Scene papermags & TO00 party magazine

A Bookwormish Prophet of Hugi


Diskmags, online magazines and plain-text newsletters are the major examples of Scene Journalism, but there are also a couple of conventional paper magazines. They are few in number, for their creation costs a lot more than what has to be afforded for electronical magazines, and they are pretty hard to spread. Yet there have been some scene mags developed using Gutenberg's printing press. One example is Hope, a late project of Medicus of KLF & Beans, who had been a well known swapper in the PC scene of the early 90s. The mag was in black/white, had quite a few hand-painted illustrations and was spread at parties and via mail. Of course it cost money: you had to send Medicus 2 DM, which was then equal to about 1.5 US$, to get back your issue. Only in this way could he compensate the costs for printing and stamps.

Although the mag was also advertised and offered by Zyklop Mailorder (the producers of the Hot Scene Stuff and Scene 96 CDs), it wasn't widely spread, for obvious reasons. The fact is, with electronic magazines you can reach much more people than with papermags for a cheaper price, and you can offer more contents, for less trouble with printing and spreading. It isn't much of a surprise that Hope stopped releasing in 1998 after only two issues. Despite all this, people like Medicus definitely deserve respect for having had the energy to produce and spread a magazine at pretty high costs and the risk that they would not get all the money back they had invested in the making of the mag. The audience of such magazines may be rather limited, but everybody who has a copy of a scene papermag can be proud of it. It's a rare example of extraordinary scene culture.

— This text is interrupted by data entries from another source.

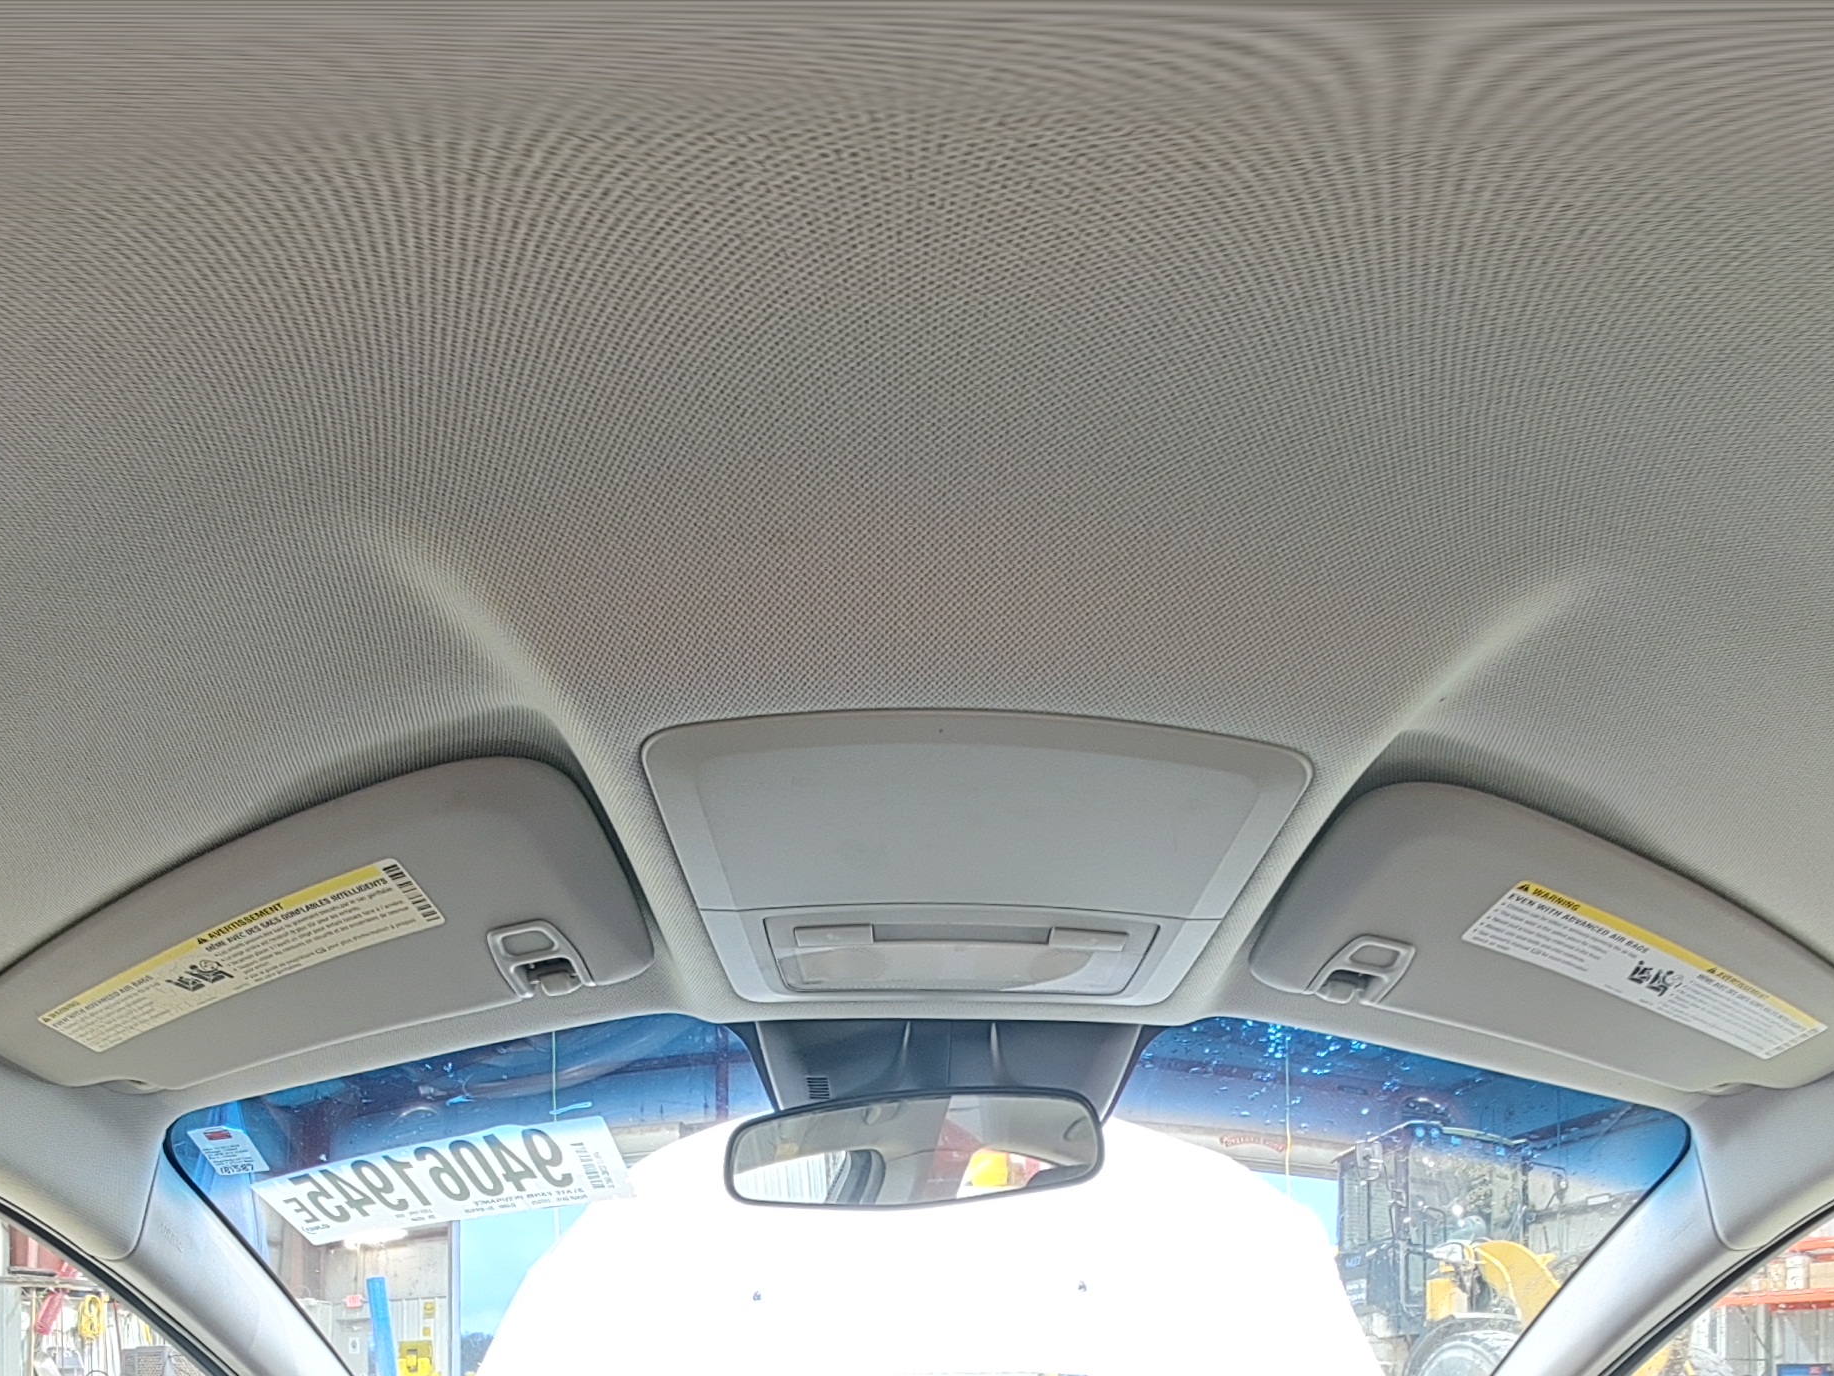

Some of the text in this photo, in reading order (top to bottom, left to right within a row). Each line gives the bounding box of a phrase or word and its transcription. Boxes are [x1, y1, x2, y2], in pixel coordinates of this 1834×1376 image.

[1532, 888, 1581, 912] WARNING
[207, 902, 284, 939] AVERTISSEMENT
[1507, 893, 1650, 954] EVEN WITH ADVANCED AIR BAGS
[227, 933, 246, 947] AVEC
[246, 927, 261, 939] DES
[1717, 971, 1770, 1001] AVERTISSEMENT

What makes scenish papermags so special, what distinguishes them both from commercial papermags and scenish electronic magazines? Apart from the expenses, it's mainly the layout: hand-painted graphics from pixel artists and sceners who usually don't draw using their computers, printouts of what was only to be seen on your PC screen before, crazy fonts, headline styles and footnotes, plus simply the fact that you can not only look at or listen to something the demoscene produced, but also feel it - you can feel the scene. It's a bit like getting a letter of a mailswapping contact, opening it, finding disks and possibly cards, pages from newspapers or drawings your swap partner created or which he passed on from another of his swapping contacts. Of course scene papermags are not quite as personal as selfmade "hardware" you get from a penpal of yours, but they give you the feeling that the scene is not something entirely virtual, but exists in the immediate physical world.


The Takeover 2000 party magazine

For three years, the Takeover party organizers have provided their visitors with free booklets (their price was partly included in the entry fee and partly covered by the sponsors). Its original purpose was to inform the visitors about compo deadlines, rules, how to set up the network connection and the like. In the past year a couple of general scene-related articles have been added, such as an interview with Bjorn Lynne.

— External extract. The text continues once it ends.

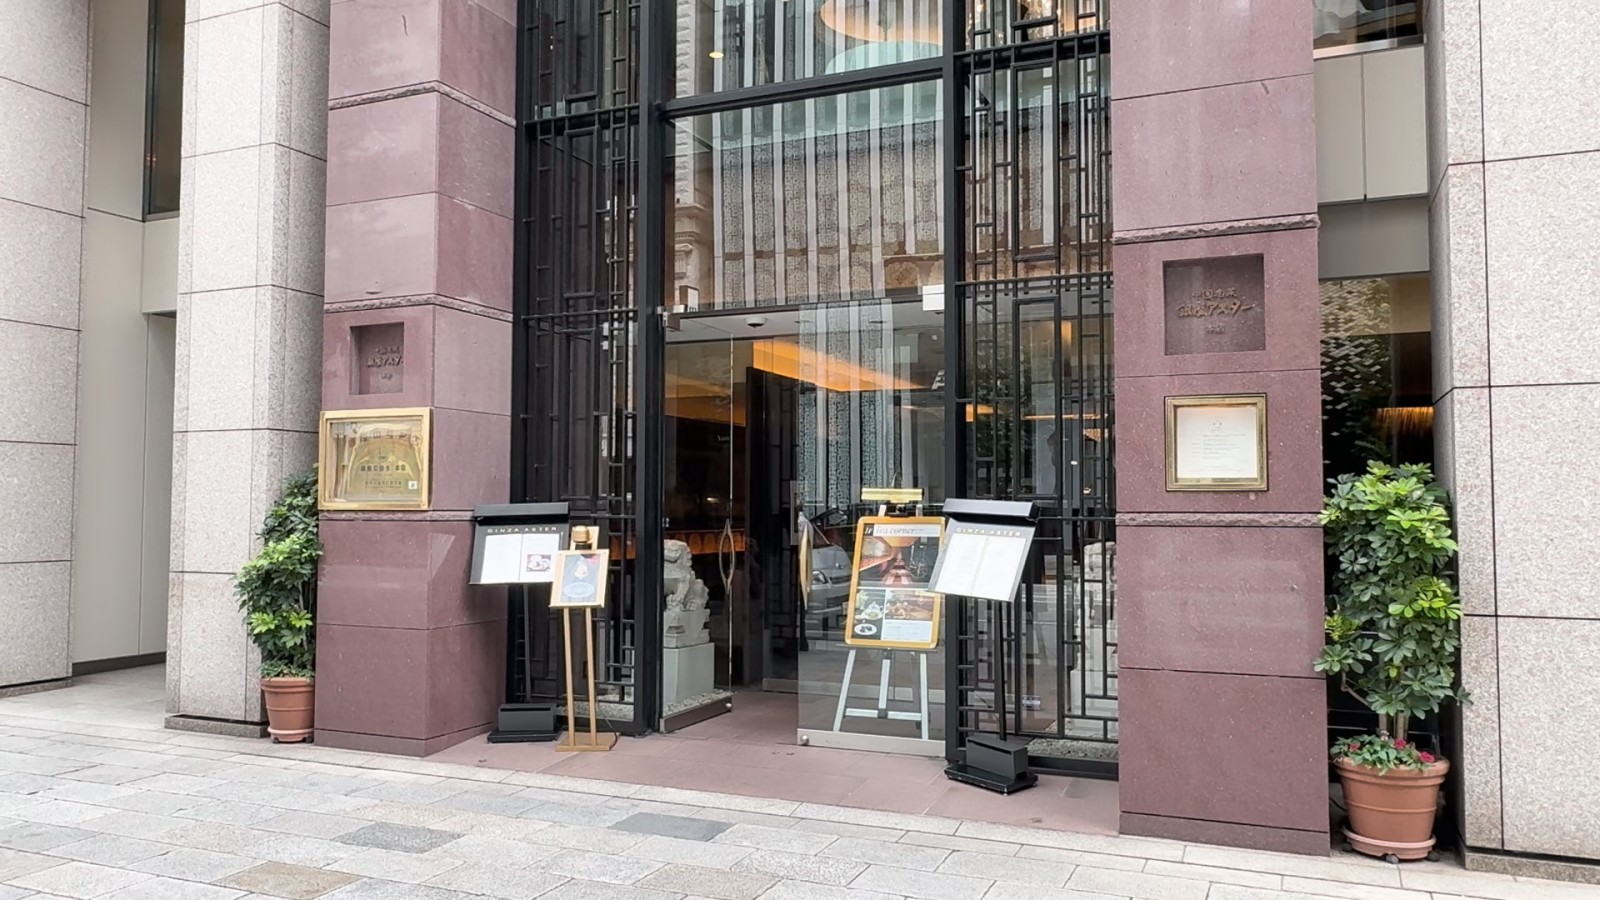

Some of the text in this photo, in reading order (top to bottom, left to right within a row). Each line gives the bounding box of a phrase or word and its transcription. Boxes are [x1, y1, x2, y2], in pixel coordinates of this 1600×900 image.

[889, 527, 916, 535] corner
[956, 527, 1021, 537] GINZA ASTER

With this year's edition of Takeover, which was held in June, the booklet has now evolved to a "party magazine". With 52 DIN-A5 pages, including the coloured cover, it is more than 18% larger than last year's booklet. Only two pages are occupied with adverts for the Dutch searchengine track.nl, one of the party's main sponsors, and three pages have been left blank (one of them, however, contains the text: "this page is left intentially not blank"). The remaining space is occupied by party information and articles!

The texts cover almost the whole spectrum of the scene: coding, music, and graphics, although they are not too technical, so everybody interested in any field of demos can follow them. The "coding" article, written by JAL of Nostalgia, is one of the endless complaints about the decay of coders' habits - that they don't fully explore graphic cards and don't optimize their code and so on. The "music" article is an intro to chiptunes by "Mr. chiptune.com" Rez, and the "graphic" article is Wade's The ART of computer gfx, which you can also read in this Hugi issue. An interview with both The REW, Takeover main organizer, and Yes, LTP main organizer, is also included - it deals with party organizing, of course. Furthermore, I contributed my guide on Scene Portals from Hugi 19, just so that the people at the party could use the broadband network connection appropriately even if they didn't have Hugi at their hands right at the moment.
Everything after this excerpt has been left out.